L’Alliance vise à préserver l’efficacité des agents antimicrobiens et à garantir l’accès durable et équitable à ceux-ci, l’objectif étant de les utiliser de manière responsable et réfléchie, de contribuer à la santé humaine, animale et végétale, et aux objectifs de développement durable (ODD) et d’appuyer la mise en œuvre du Plan d’action mondial pour combattre la résistance aux antimicrobiens.

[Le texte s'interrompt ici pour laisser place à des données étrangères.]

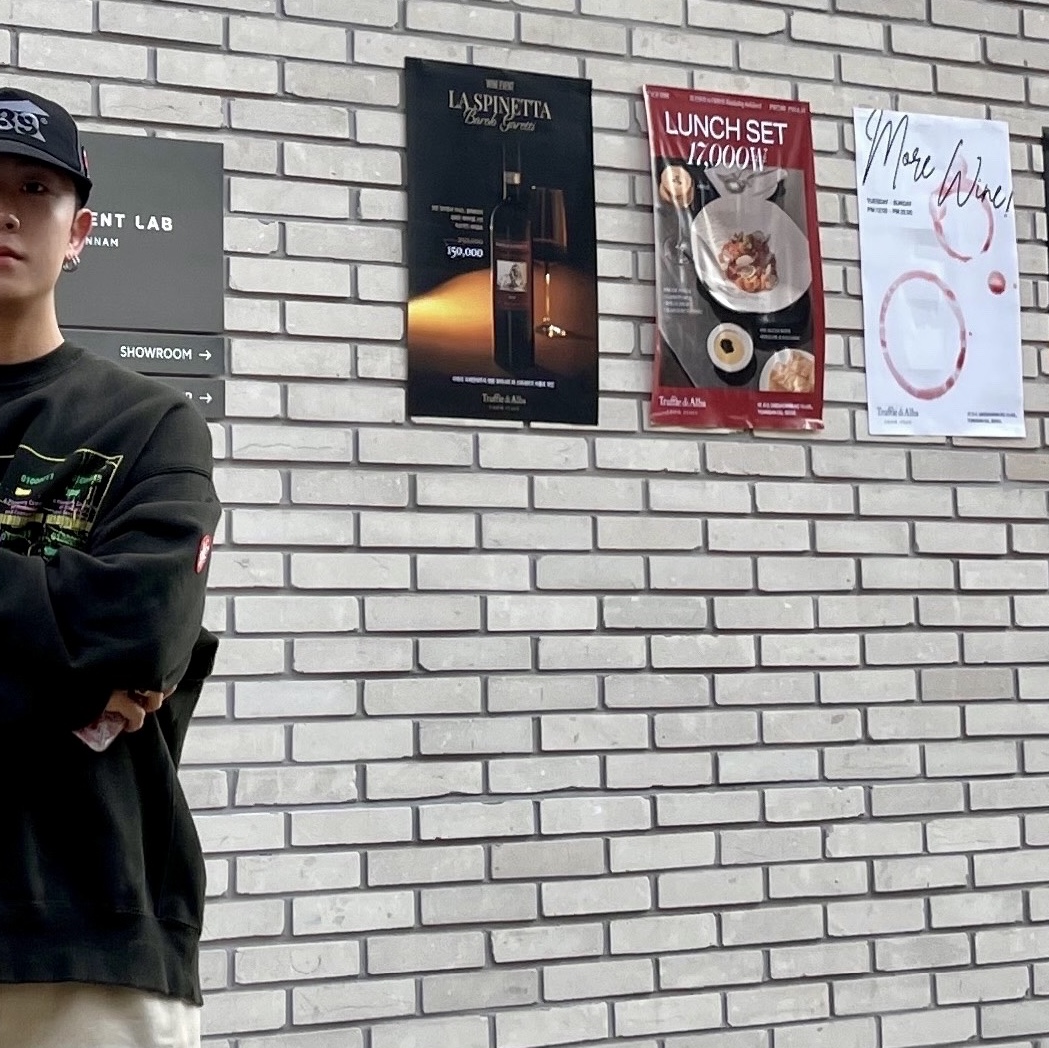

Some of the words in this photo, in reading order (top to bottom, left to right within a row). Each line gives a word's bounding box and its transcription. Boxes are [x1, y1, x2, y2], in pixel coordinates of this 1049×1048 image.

[448, 89, 469, 111] LA
[473, 93, 552, 120] SPINETTA
[664, 110, 741, 141] LUNCH
[745, 118, 788, 145] SET
[862, 108, 936, 190] More
[937, 138, 1015, 218] Wine!
[91, 211, 126, 228] ENT
[135, 214, 173, 232] LAB
[85, 236, 119, 248] NNAM
[446, 245, 484, 260] 150,000
[120, 345, 193, 361] SHOWROOM

Pour y parvenir, voici les objectifs fixés:

  • optimiser la production et l’utilisation des antimicrobiens tout au long de leur cycle de vie, de la recherche-développement à l’élimination;
  • diminuer l’incidence des infections chez les êtres humains, les animaux et les végétaux en vue de limiter l’apparition et la propagation de la résistance aux antimicrobiens. 

Compte tenu du caractère transnational et multisectoriel de la résistance aux antimicrobiens, il est essentiel d’adopter une démarche à long terme, fondée sur l’approche «Une seule santé». Cette approche multisectorielle, transdisciplinaire et axée sur la collaboration tient compte des interdépendances qui existent entre les êtres humains, les animaux, les végétaux et leur environnement commun.

Un Cadre stratégique tripartite sur la résistance aux antimicrobiens verra le jour en 2021 et reflètera l’action concertée que mène l’Alliance tripartite pour promouvoir l’approche «Une seule santé» face à la résistance aux antimicrobiens.

Faciliter la gouvernance mondiale

Dans son rapport intitulé «Pas le temps d’attendre: assurer l’avenir contre les infections résistantes aux médicaments», le Groupe spécial de coordination interinstitutions sur la résistance aux antimicrobiens recommandait à l’Alliance tripartite de mettre en place un ensemble de mécanismes de gouvernance mondiale afin de lutter contre la résistance aux antimicrobiens, à savoir:

Si l’Alliance tripartite a vocation à jouer un rôle de chef de file en vue d’atteindre les objectifs fixés, elle ne peut y parvenir seule. Il est fondamental de mener des actions qui intègrent l’approche «Une seule santé» aux niveaux mondial, régional et national, l’objectif étant d’aider tous les secteurs et toutes les parties prenantes à élaborer et à mettre en œuvre des mesures reposant sur des données factuelles pour lutter contre ce phénomène.

Centre mixte FAO/OMS (Normes alimentaires du Codex et zoonoses)

Compte tenu des difficultés que posent les zoonoses et la résistance aux antimicrobiens à l’agriculture durable et aux systèmes agroalimentaires, la FAO a créé le Centre mixte FAO/OMS (Normes alimentaires du Codex et zoonoses). Le Centre coordonne les travaux de la FAO en ce qui concerne la résistance aux antimicrobiens dans le cadre du Plan d’action de la FAO contre la résistance aux antimicrobiens, avec l’appui technique des unités concernées sur les questions transversales visées par le Plan d’action.

Il favorise la collaboration avec les partenaires extérieurs tels que l’OIE, l’OMS et le PNUE afin de prévenir les futures épidémies de maladies zoonotiques et d’atténuer les risques liés à la résistance aux antimicrobiens au moyen de méthodologies et de pratiques fiables et fondées sur des éléments concrets, qui serviront à étayer les politiques et les stratégies.